> [DATASET EXCERPTS]
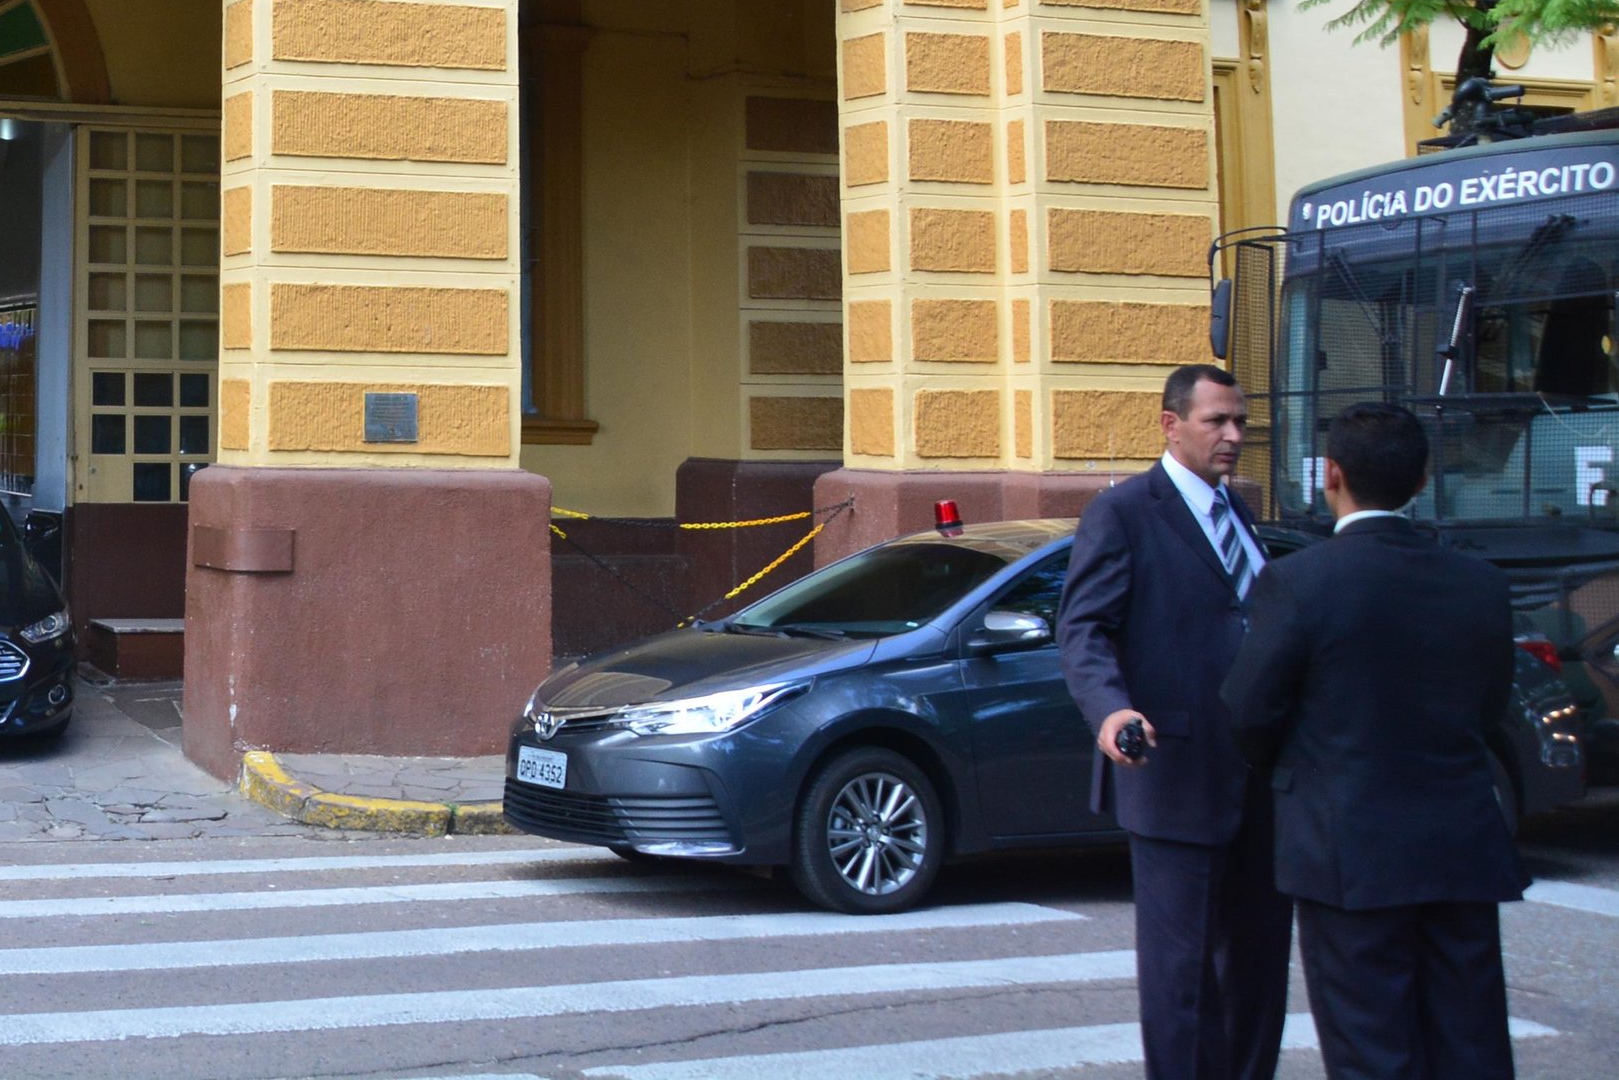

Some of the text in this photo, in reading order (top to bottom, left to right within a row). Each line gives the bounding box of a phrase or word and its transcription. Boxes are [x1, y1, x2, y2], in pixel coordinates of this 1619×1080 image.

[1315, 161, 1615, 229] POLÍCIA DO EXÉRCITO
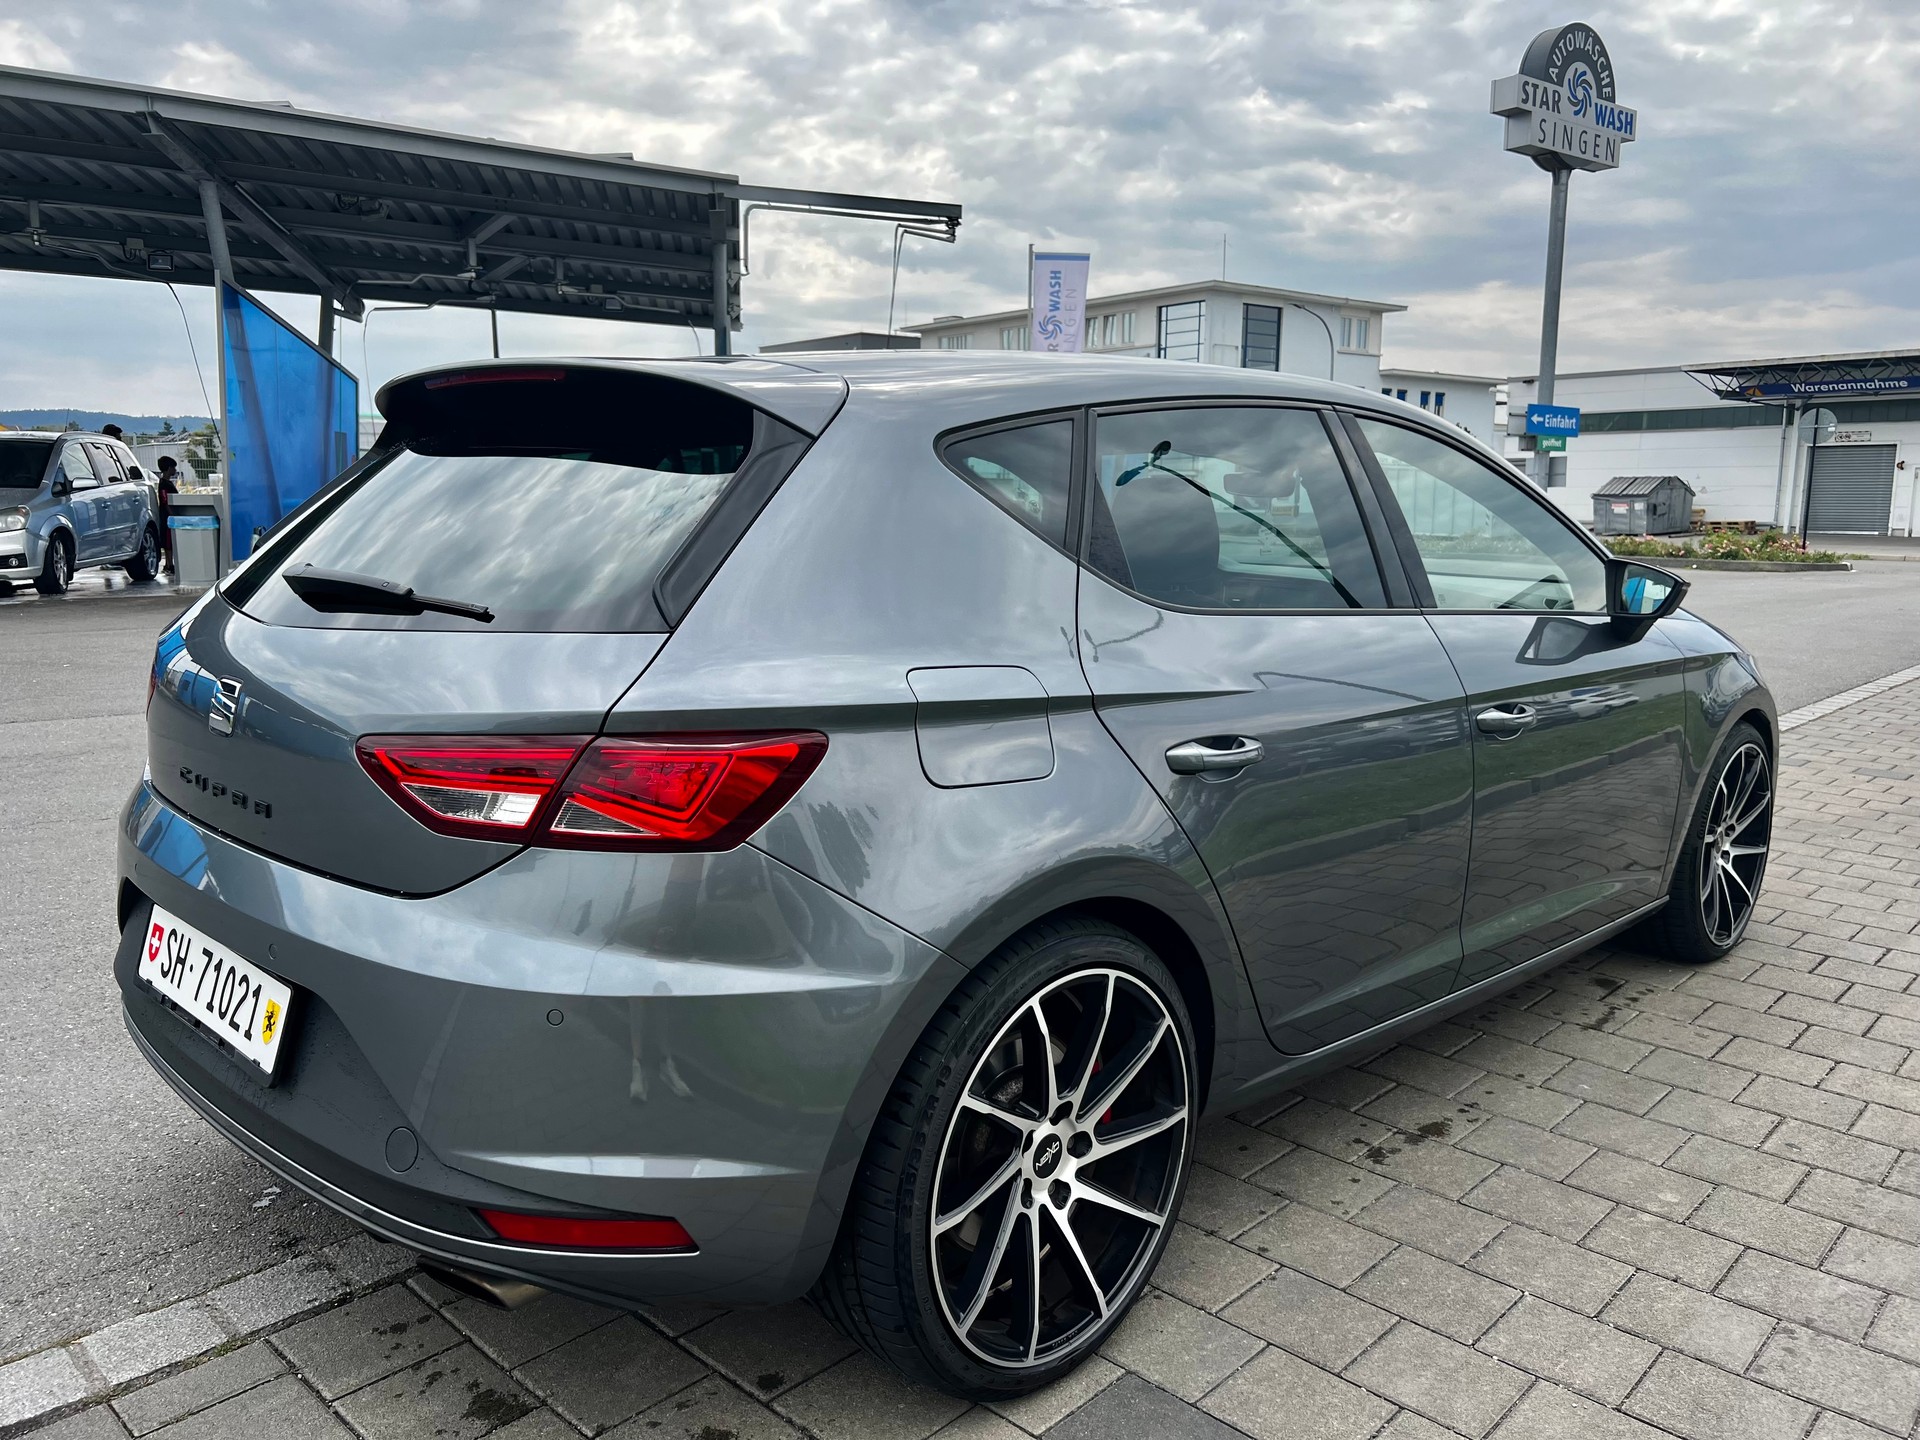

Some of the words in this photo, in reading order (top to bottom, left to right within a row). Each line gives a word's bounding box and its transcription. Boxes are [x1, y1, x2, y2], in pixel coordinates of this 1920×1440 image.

---

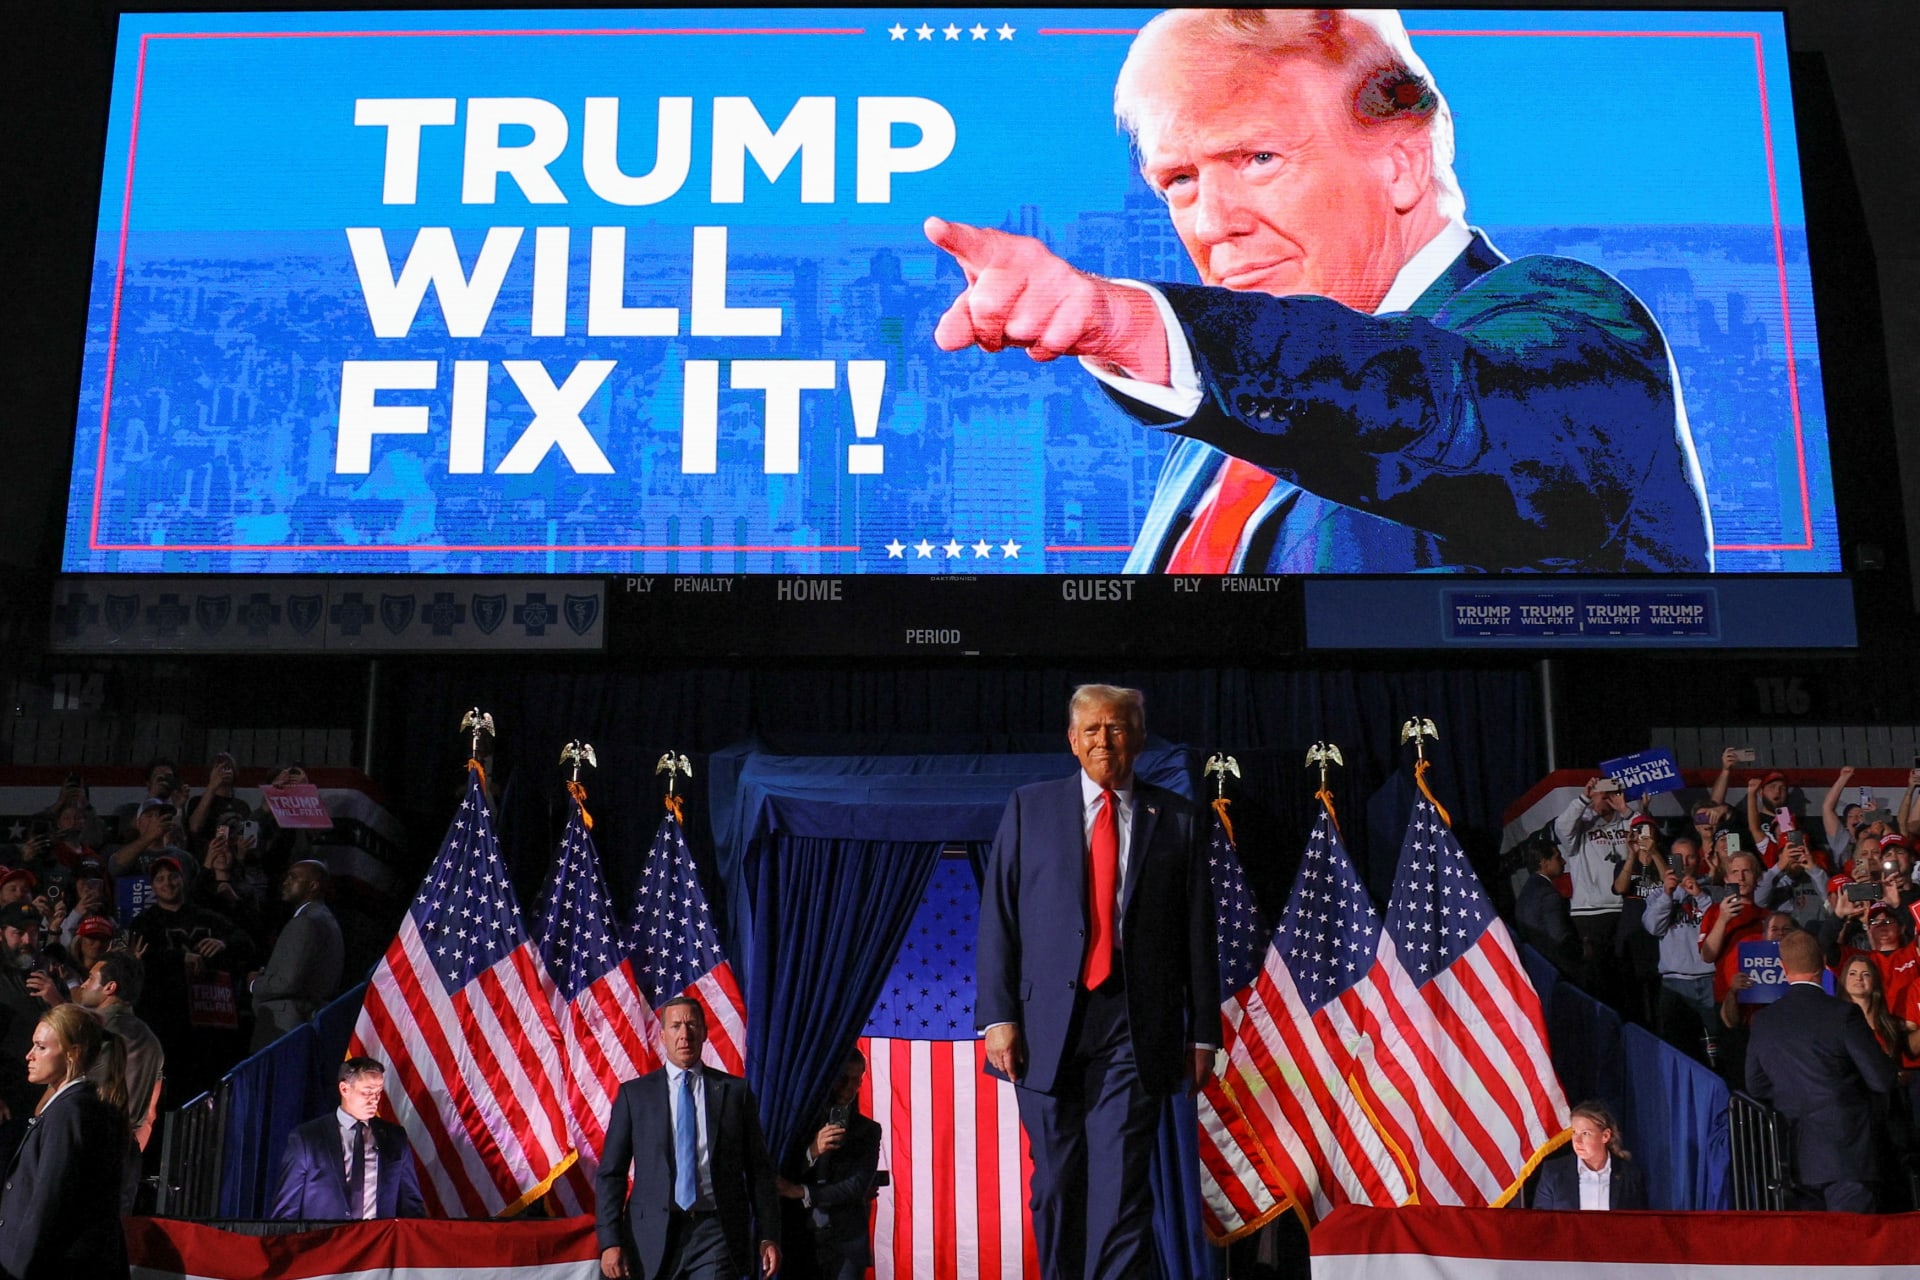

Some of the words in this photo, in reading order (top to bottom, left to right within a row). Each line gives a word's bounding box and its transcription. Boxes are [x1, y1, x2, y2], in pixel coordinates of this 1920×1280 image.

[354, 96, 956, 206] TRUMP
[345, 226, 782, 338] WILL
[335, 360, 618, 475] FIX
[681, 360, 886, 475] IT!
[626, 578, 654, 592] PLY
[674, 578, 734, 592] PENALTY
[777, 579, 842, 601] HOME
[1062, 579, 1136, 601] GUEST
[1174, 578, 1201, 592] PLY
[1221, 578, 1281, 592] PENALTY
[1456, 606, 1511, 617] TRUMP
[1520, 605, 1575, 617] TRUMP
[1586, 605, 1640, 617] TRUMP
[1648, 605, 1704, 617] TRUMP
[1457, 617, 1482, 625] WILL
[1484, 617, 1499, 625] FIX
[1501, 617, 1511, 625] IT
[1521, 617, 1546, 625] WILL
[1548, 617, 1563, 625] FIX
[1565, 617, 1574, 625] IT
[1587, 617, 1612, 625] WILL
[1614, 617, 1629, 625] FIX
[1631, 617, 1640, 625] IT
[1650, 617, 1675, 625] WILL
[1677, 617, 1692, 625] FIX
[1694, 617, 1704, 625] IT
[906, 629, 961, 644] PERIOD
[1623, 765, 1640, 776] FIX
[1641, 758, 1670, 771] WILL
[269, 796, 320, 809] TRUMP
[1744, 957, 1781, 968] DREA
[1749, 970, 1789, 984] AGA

> [EXERCISE INSTRUCTIONS] Within the listing above, write out the stretch from the line with "Some of the text" through the line with "this 1920×1440 image." exactly. Any pictures are to be left out.

> [WRITTEN SOLUTION]
Some of the text in this photo, in reading order (top to bottom, left to right within a row). Each line gives the bounding box of a phrase or word and its transcription. Boxes are [x1, y1, x2, y2], in pixel coordinates of this 1619×1080 image.

[1315, 161, 1615, 229] POLÍCIA DO EXÉRCITO

Some of the words in this photo, in reading order (top to bottom, left to right within a row). Each line gives a word's bounding box and its transcription. Boxes are [x1, y1, x2, y2], in pixel coordinates of this 1920×1440 image.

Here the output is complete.